RDMA Explained
RDMA matters in hardware work because it changes how teams evaluate quality, risk, and operating discipline once an AI system leaves the whiteboard and starts handling real traffic. A strong page should therefore explain not only the definition, but also the workflow trade-offs, implementation choices, and practical signals that show whether RDMA is helping or creating new failure modes. Remote Direct Memory Access (RDMA) is a networking technology that allows one computer to directly read from or write to the memory of another computer without involving either computer's CPU or operating system in the data path. For AI training, RDMA enables GPUs in different servers to exchange gradient data with minimal latency and CPU overhead, which is critical for efficient distributed training.
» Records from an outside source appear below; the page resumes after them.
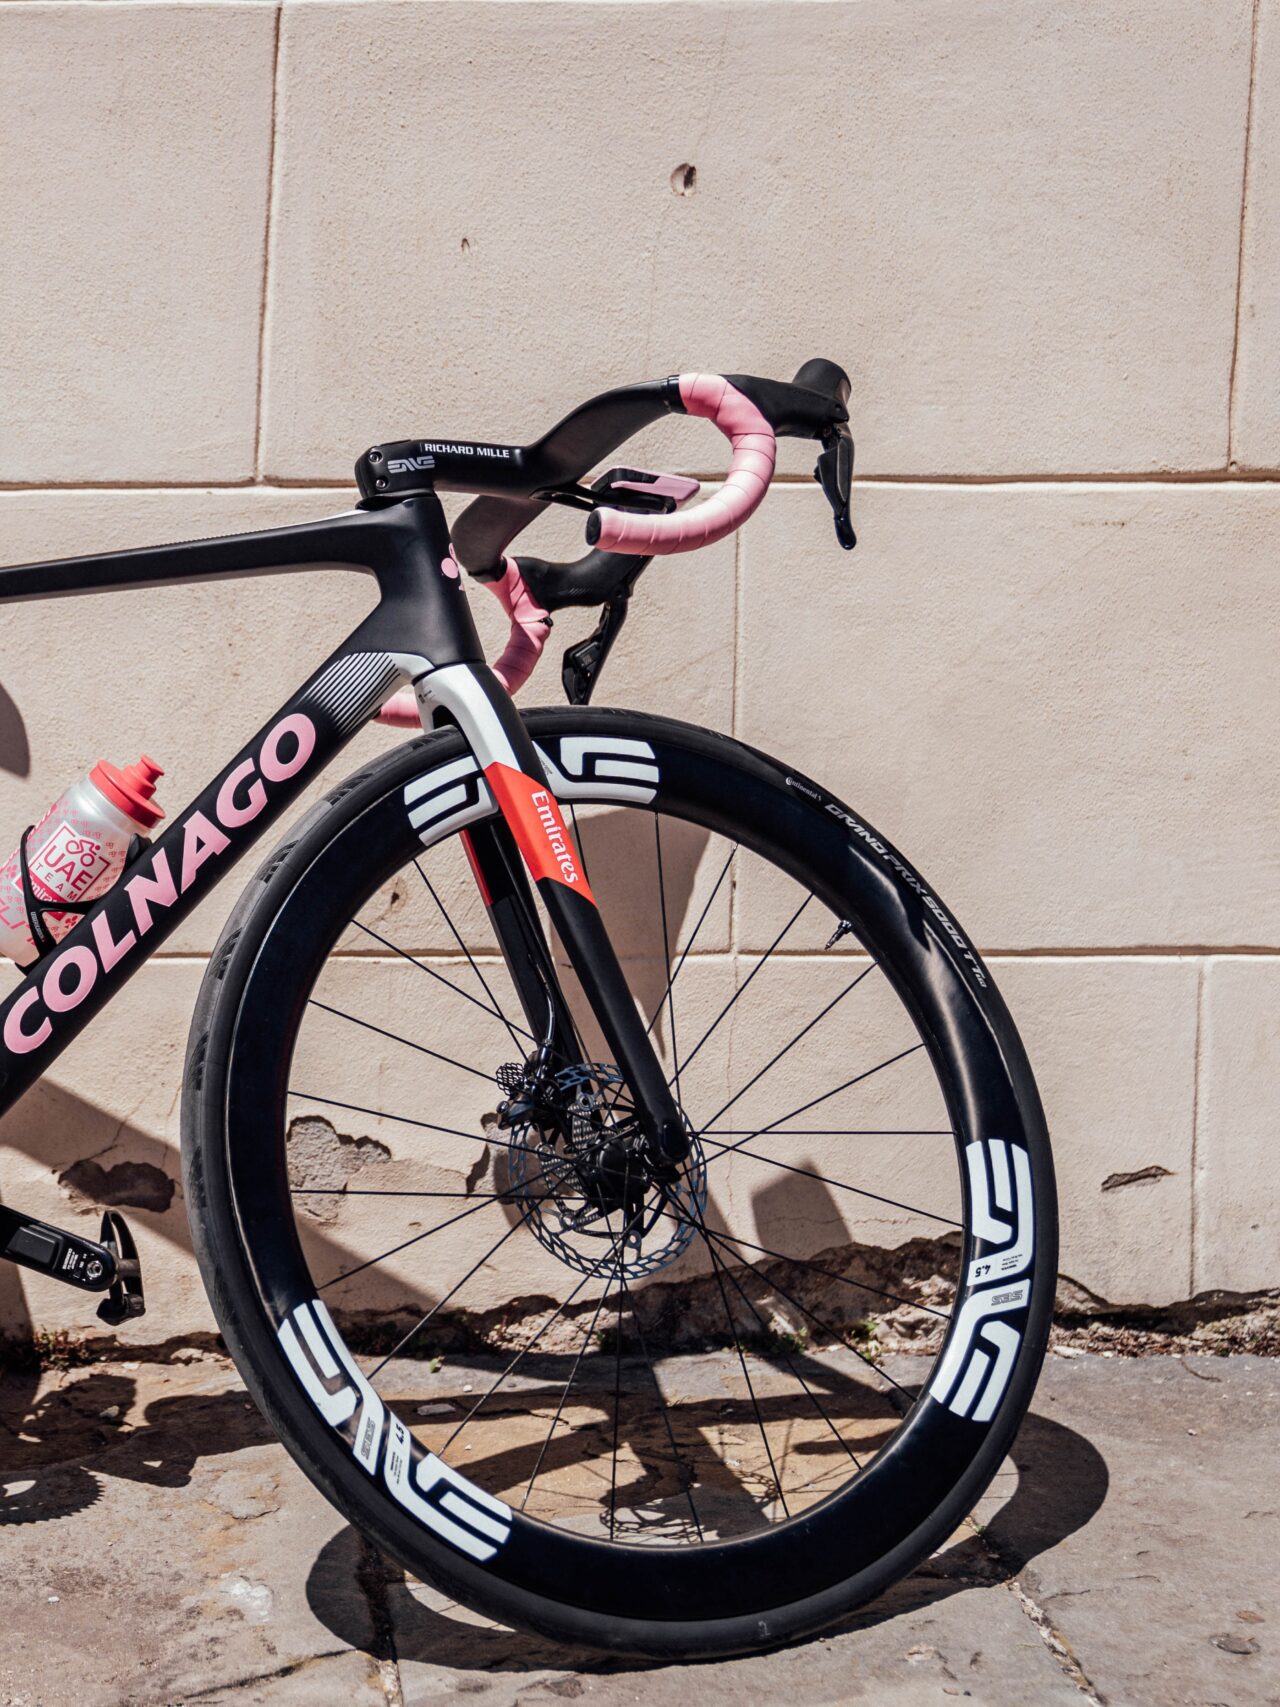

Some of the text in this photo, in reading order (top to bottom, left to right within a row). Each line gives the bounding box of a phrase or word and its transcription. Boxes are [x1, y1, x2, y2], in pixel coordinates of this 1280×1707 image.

[424, 443, 510, 458] RICHARD MILLE
[531, 789, 579, 884] Emirates
[3, 712, 316, 1055] COLNAGO
[36, 862, 78, 901] TEAM
[43, 845, 93, 891] UAE
[824, 803, 887, 854] GRAND
[883, 854, 927, 896] PRIX
[922, 895, 968, 949] 5000
[975, 1263, 992, 1278] 4.5
In traditional networking, data passes through multiple software layers (application, TCP/IP stack, device driver) and involves CPU intervention at each stage. RDMA bypasses all of this by programming the network adapter to transfer data directly between application memory buffers. This reduces latency from tens of microseconds to sub-microsecond levels and frees CPU resources for other work.
RDMA is implemented over InfiniBand natively and over Ethernet as RoCE (RDMA over Converged Ethernet). GPU-Direct RDMA from NVIDIA allows network adapters to read and write GPU memory directly, enabling GPU-to-GPU data transfer across the network without any CPU involvement or data copies through system memory. This is a key technology enabling efficient multi-node AI training at scale.
RDMA is often easier to understand when you stop treating it as a dictionary entry and start looking at the operational question it answers. Teams normally encounter the term when they are deciding how to improve quality, lower risk, or make an AI workflow easier to manage after launch.
That is also why RDMA gets compared with InfiniBand, Distributed Computing, and NVLink. The overlap can be real, but the practical difference usually sits in which part of the system changes once the concept is applied and which trade-off the team is willing to make.
A useful explanation therefore needs to connect RDMA back to deployment choices. When the concept is framed in workflow terms, people can decide whether it belongs in their current system, whether it solves the right problem, and what it would change if they implemented it seriously.
RDMA also tends to show up when teams are debugging disappointing outcomes in production. The concept gives them a way to explain why a system behaves the way it does, which options are still open, and where a smarter intervention would actually move the quality needle instead of creating more complexity.